TASK GOAL —
Reproduce all records word for word.

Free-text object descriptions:
________________________

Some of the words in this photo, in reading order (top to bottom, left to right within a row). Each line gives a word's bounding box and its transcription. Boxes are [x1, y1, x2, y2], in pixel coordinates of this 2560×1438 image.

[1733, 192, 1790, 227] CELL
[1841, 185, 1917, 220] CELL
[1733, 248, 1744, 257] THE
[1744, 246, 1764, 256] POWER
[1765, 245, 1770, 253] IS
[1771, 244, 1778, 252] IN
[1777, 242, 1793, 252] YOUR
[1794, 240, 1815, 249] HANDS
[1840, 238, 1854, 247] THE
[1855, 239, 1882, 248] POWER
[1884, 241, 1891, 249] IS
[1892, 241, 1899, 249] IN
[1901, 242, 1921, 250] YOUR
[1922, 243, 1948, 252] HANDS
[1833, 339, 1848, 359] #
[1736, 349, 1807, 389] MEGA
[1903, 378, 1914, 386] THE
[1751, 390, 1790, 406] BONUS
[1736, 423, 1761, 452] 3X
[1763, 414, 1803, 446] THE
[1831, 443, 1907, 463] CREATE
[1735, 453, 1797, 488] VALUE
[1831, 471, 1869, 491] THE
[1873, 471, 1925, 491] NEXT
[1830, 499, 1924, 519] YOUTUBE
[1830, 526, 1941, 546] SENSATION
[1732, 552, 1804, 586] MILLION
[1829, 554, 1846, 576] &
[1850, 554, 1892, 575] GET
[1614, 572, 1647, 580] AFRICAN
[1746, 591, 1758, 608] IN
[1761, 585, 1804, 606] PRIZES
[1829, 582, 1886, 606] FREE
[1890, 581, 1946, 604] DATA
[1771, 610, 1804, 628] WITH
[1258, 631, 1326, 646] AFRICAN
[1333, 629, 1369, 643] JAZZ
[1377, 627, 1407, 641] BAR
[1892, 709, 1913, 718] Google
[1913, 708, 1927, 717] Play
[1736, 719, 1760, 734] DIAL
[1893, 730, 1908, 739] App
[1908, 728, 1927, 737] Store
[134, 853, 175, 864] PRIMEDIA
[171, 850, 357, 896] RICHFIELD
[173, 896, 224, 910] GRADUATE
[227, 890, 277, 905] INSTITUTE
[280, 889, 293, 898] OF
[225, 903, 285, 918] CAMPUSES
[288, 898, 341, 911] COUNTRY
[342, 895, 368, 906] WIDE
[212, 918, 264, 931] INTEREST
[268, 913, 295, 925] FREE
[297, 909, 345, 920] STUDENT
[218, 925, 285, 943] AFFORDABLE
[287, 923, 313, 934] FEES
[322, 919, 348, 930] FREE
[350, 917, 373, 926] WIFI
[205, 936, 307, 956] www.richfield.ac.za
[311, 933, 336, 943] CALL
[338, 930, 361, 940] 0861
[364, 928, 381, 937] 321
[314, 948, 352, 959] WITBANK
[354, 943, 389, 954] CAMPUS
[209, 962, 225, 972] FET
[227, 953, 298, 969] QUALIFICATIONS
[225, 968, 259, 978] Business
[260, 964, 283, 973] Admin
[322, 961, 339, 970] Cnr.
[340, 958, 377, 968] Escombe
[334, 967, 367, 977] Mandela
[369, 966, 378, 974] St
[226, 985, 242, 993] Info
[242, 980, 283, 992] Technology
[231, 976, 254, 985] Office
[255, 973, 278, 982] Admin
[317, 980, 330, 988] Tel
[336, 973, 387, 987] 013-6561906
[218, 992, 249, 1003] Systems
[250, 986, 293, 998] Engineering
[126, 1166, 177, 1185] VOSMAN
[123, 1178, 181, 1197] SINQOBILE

________________________

RESPONSE BOX —
Some of the words in this photo, in reading order (top to bottom, left to right within a row). Each line gives a word's bounding box and its transcription. Boxes are [x1, y1, x2, y2], in pixel coordinates of this 2560×1438 image.

[1733, 192, 1790, 227] CELL
[1841, 185, 1917, 220] CELL
[1733, 248, 1744, 257] THE
[1744, 246, 1764, 256] POWER
[1765, 245, 1770, 253] IS
[1771, 244, 1778, 252] IN
[1777, 242, 1793, 252] YOUR
[1794, 240, 1815, 249] HANDS
[1840, 238, 1854, 247] THE
[1855, 239, 1882, 248] POWER
[1884, 241, 1891, 249] IS
[1892, 241, 1899, 249] IN
[1901, 242, 1921, 250] YOUR
[1922, 243, 1948, 252] HANDS
[1833, 339, 1848, 359] #
[1736, 349, 1807, 389] MEGA
[1903, 378, 1914, 386] THE
[1751, 390, 1790, 406] BONUS
[1736, 423, 1761, 452] 3X
[1763, 414, 1803, 446] THE
[1831, 443, 1907, 463] CREATE
[1735, 453, 1797, 488] VALUE
[1831, 471, 1869, 491] THE
[1873, 471, 1925, 491] NEXT
[1830, 499, 1924, 519] YOUTUBE
[1830, 526, 1941, 546] SENSATION
[1732, 552, 1804, 586] MILLION
[1829, 554, 1846, 576] &
[1850, 554, 1892, 575] GET
[1614, 572, 1647, 580] AFRICAN
[1746, 591, 1758, 608] IN
[1761, 585, 1804, 606] PRIZES
[1829, 582, 1886, 606] FREE
[1890, 581, 1946, 604] DATA
[1771, 610, 1804, 628] WITH
[1258, 631, 1326, 646] AFRICAN
[1333, 629, 1369, 643] JAZZ
[1377, 627, 1407, 641] BAR
[1892, 709, 1913, 718] Google
[1913, 708, 1927, 717] Play
[1736, 719, 1760, 734] DIAL
[1893, 730, 1908, 739] App
[1908, 728, 1927, 737] Store
[134, 853, 175, 864] PRIMEDIA
[171, 850, 357, 896] RICHFIELD
[173, 896, 224, 910] GRADUATE
[227, 890, 277, 905] INSTITUTE
[280, 889, 293, 898] OF
[225, 903, 285, 918] CAMPUSES
[288, 898, 341, 911] COUNTRY
[342, 895, 368, 906] WIDE
[212, 918, 264, 931] INTEREST
[268, 913, 295, 925] FREE
[297, 909, 345, 920] STUDENT
[218, 925, 285, 943] AFFORDABLE
[287, 923, 313, 934] FEES
[322, 919, 348, 930] FREE
[350, 917, 373, 926] WIFI
[205, 936, 307, 956] www.richfield.ac.za
[311, 933, 336, 943] CALL
[338, 930, 361, 940] 0861
[364, 928, 381, 937] 321
[314, 948, 352, 959] WITBANK
[354, 943, 389, 954] CAMPUS
[209, 962, 225, 972] FET
[227, 953, 298, 969] QUALIFICATIONS
[225, 968, 259, 978] Business
[260, 964, 283, 973] Admin
[322, 961, 339, 970] Cnr.
[340, 958, 377, 968] Escombe
[334, 967, 367, 977] Mandela
[369, 966, 378, 974] St
[226, 985, 242, 993] Info
[242, 980, 283, 992] Technology
[231, 976, 254, 985] Office
[255, 973, 278, 982] Admin
[317, 980, 330, 988] Tel
[336, 973, 387, 987] 013-6561906
[218, 992, 249, 1003] Systems
[250, 986, 293, 998] Engineering
[126, 1166, 177, 1185] VOSMAN
[123, 1178, 181, 1197] SINQOBILE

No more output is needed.